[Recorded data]
------------------------------------------------------------

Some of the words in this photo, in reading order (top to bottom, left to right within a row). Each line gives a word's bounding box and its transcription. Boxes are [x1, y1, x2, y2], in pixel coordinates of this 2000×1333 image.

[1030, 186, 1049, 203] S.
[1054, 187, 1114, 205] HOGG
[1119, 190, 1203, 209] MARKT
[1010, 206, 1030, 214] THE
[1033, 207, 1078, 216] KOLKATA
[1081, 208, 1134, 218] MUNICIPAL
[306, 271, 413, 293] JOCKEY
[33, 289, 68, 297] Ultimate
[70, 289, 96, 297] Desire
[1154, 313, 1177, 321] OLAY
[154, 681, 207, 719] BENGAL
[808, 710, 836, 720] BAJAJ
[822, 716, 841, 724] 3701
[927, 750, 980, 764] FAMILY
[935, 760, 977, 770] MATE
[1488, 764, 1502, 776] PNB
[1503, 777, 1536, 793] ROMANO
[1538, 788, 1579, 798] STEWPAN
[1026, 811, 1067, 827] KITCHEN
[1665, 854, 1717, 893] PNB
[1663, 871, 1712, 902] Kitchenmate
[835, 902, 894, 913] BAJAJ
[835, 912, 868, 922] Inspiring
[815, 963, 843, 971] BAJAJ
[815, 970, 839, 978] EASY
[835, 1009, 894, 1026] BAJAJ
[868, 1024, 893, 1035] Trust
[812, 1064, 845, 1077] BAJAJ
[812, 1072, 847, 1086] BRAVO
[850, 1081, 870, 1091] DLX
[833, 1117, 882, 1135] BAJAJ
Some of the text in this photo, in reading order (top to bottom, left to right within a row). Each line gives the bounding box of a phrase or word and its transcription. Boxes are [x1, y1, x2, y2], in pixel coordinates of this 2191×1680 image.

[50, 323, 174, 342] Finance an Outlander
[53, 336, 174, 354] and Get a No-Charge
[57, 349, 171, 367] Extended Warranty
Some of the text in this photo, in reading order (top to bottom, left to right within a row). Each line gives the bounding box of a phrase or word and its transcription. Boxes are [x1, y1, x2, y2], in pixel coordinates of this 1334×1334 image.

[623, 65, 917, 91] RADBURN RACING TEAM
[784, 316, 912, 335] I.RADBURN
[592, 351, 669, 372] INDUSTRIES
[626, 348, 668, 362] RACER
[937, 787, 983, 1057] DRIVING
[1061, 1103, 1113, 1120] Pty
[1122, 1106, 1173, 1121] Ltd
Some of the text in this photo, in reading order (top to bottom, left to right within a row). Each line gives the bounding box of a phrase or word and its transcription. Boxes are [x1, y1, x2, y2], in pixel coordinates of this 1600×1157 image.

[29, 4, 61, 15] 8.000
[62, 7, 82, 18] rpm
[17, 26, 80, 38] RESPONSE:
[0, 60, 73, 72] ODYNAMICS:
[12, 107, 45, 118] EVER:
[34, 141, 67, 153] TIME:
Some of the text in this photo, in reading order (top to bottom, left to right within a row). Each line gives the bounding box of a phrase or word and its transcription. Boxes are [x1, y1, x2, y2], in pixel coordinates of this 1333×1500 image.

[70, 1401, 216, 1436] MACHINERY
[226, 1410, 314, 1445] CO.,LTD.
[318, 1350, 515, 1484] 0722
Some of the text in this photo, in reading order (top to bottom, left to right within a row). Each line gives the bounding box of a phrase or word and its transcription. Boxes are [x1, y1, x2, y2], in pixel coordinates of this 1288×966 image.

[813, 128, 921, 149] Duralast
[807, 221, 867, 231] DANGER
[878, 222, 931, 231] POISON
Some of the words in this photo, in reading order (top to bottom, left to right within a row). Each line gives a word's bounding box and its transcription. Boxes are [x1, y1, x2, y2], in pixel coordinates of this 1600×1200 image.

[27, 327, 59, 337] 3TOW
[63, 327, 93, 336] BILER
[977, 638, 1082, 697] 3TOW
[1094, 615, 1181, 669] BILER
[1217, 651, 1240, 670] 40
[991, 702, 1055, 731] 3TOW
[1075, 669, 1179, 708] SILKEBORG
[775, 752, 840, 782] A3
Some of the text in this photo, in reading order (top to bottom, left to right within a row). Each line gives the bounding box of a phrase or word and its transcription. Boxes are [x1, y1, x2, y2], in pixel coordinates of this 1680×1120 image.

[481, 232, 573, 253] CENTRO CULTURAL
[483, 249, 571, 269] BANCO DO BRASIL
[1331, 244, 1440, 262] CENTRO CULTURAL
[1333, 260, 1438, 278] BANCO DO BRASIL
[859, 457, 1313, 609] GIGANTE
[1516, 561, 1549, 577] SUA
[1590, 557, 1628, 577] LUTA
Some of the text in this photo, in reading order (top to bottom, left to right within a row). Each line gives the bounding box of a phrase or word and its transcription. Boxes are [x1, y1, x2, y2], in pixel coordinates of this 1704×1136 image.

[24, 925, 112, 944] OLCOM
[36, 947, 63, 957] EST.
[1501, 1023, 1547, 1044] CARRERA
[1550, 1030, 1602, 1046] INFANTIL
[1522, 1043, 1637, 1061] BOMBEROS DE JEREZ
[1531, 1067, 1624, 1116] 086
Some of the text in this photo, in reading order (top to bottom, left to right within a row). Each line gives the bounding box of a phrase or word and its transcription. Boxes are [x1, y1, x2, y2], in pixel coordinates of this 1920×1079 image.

------------------------------------------------------------

• _Task goal_
All of the entries should be repeated word for word.

• _Answer space_
Some of the words in this photo, in reading order (top to bottom, left to right within a row). Each line gives a word's bounding box and its transcription. Boxes are [x1, y1, x2, y2], in pixel coordinates of this 2000×1333 image.

[1030, 186, 1049, 203] S.
[1054, 187, 1114, 205] HOGG
[1119, 190, 1203, 209] MARKT
[1010, 206, 1030, 214] THE
[1033, 207, 1078, 216] KOLKATA
[1081, 208, 1134, 218] MUNICIPAL
[306, 271, 413, 293] JOCKEY
[33, 289, 68, 297] Ultimate
[70, 289, 96, 297] Desire
[1154, 313, 1177, 321] OLAY
[154, 681, 207, 719] BENGAL
[808, 710, 836, 720] BAJAJ
[822, 716, 841, 724] 3701
[927, 750, 980, 764] FAMILY
[935, 760, 977, 770] MATE
[1488, 764, 1502, 776] PNB
[1503, 777, 1536, 793] ROMANO
[1538, 788, 1579, 798] STEWPAN
[1026, 811, 1067, 827] KITCHEN
[1665, 854, 1717, 893] PNB
[1663, 871, 1712, 902] Kitchenmate
[835, 902, 894, 913] BAJAJ
[835, 912, 868, 922] Inspiring
[815, 963, 843, 971] BAJAJ
[815, 970, 839, 978] EASY
[835, 1009, 894, 1026] BAJAJ
[868, 1024, 893, 1035] Trust
[812, 1064, 845, 1077] BAJAJ
[812, 1072, 847, 1086] BRAVO
[850, 1081, 870, 1091] DLX
[833, 1117, 882, 1135] BAJAJ
Some of the text in this photo, in reading order (top to bottom, left to right within a row). Each line gives the bounding box of a phrase or word and its transcription. Boxes are [x1, y1, x2, y2], in pixel coordinates of this 2191×1680 image.

[50, 323, 174, 342] Finance an Outlander
[53, 336, 174, 354] and Get a No-Charge
[57, 349, 171, 367] Extended Warranty
Some of the text in this photo, in reading order (top to bottom, left to right within a row). Each line gives the bounding box of a phrase or word and its transcription. Boxes are [x1, y1, x2, y2], in pixel coordinates of this 1334×1334 image.

[623, 65, 917, 91] RADBURN RACING TEAM
[784, 316, 912, 335] I.RADBURN
[592, 351, 669, 372] INDUSTRIES
[626, 348, 668, 362] RACER
[937, 787, 983, 1057] DRIVING
[1061, 1103, 1113, 1120] Pty
[1122, 1106, 1173, 1121] Ltd
Some of the text in this photo, in reading order (top to bottom, left to right within a row). Each line gives the bounding box of a phrase or word and its transcription. Boxes are [x1, y1, x2, y2], in pixel coordinates of this 1600×1157 image.

[29, 4, 61, 15] 8.000
[62, 7, 82, 18] rpm
[17, 26, 80, 38] RESPONSE:
[0, 60, 73, 72] ODYNAMICS:
[12, 107, 45, 118] EVER:
[34, 141, 67, 153] TIME:
Some of the text in this photo, in reading order (top to bottom, left to right within a row). Each line gives the bounding box of a phrase or word and its transcription. Boxes are [x1, y1, x2, y2], in pixel coordinates of this 1333×1500 image.

[70, 1401, 216, 1436] MACHINERY
[226, 1410, 314, 1445] CO.,LTD.
[318, 1350, 515, 1484] 0722
Some of the text in this photo, in reading order (top to bottom, left to right within a row). Each line gives the bounding box of a phrase or word and its transcription. Boxes are [x1, y1, x2, y2], in pixel coordinates of this 1288×966 image.

[813, 128, 921, 149] Duralast
[807, 221, 867, 231] DANGER
[878, 222, 931, 231] POISON
Some of the words in this photo, in reading order (top to bottom, left to right within a row). Each line gives a word's bounding box and its transcription. Boxes are [x1, y1, x2, y2], in pixel coordinates of this 1600×1200 image.

[27, 327, 59, 337] 3TOW
[63, 327, 93, 336] BILER
[977, 638, 1082, 697] 3TOW
[1094, 615, 1181, 669] BILER
[1217, 651, 1240, 670] 40
[991, 702, 1055, 731] 3TOW
[1075, 669, 1179, 708] SILKEBORG
[775, 752, 840, 782] A3
Some of the text in this photo, in reading order (top to bottom, left to right within a row). Each line gives the bounding box of a phrase or word and its transcription. Boxes are [x1, y1, x2, y2], in pixel coordinates of this 1680×1120 image.

[481, 232, 573, 253] CENTRO CULTURAL
[483, 249, 571, 269] BANCO DO BRASIL
[1331, 244, 1440, 262] CENTRO CULTURAL
[1333, 260, 1438, 278] BANCO DO BRASIL
[859, 457, 1313, 609] GIGANTE
[1516, 561, 1549, 577] SUA
[1590, 557, 1628, 577] LUTA
Some of the text in this photo, in reading order (top to bottom, left to right within a row). Each line gives the bounding box of a phrase or word and its transcription. Boxes are [x1, y1, x2, y2], in pixel coordinates of this 1704×1136 image.

[24, 925, 112, 944] OLCOM
[36, 947, 63, 957] EST.
[1501, 1023, 1547, 1044] CARRERA
[1550, 1030, 1602, 1046] INFANTIL
[1522, 1043, 1637, 1061] BOMBEROS DE JEREZ
[1531, 1067, 1624, 1116] 086
Some of the text in this photo, in reading order (top to bottom, left to right within a row). Each line gives the bounding box of a phrase or word and its transcription. Boxes are [x1, y1, x2, y2], in pixel coordinates of this 1920×1079 image.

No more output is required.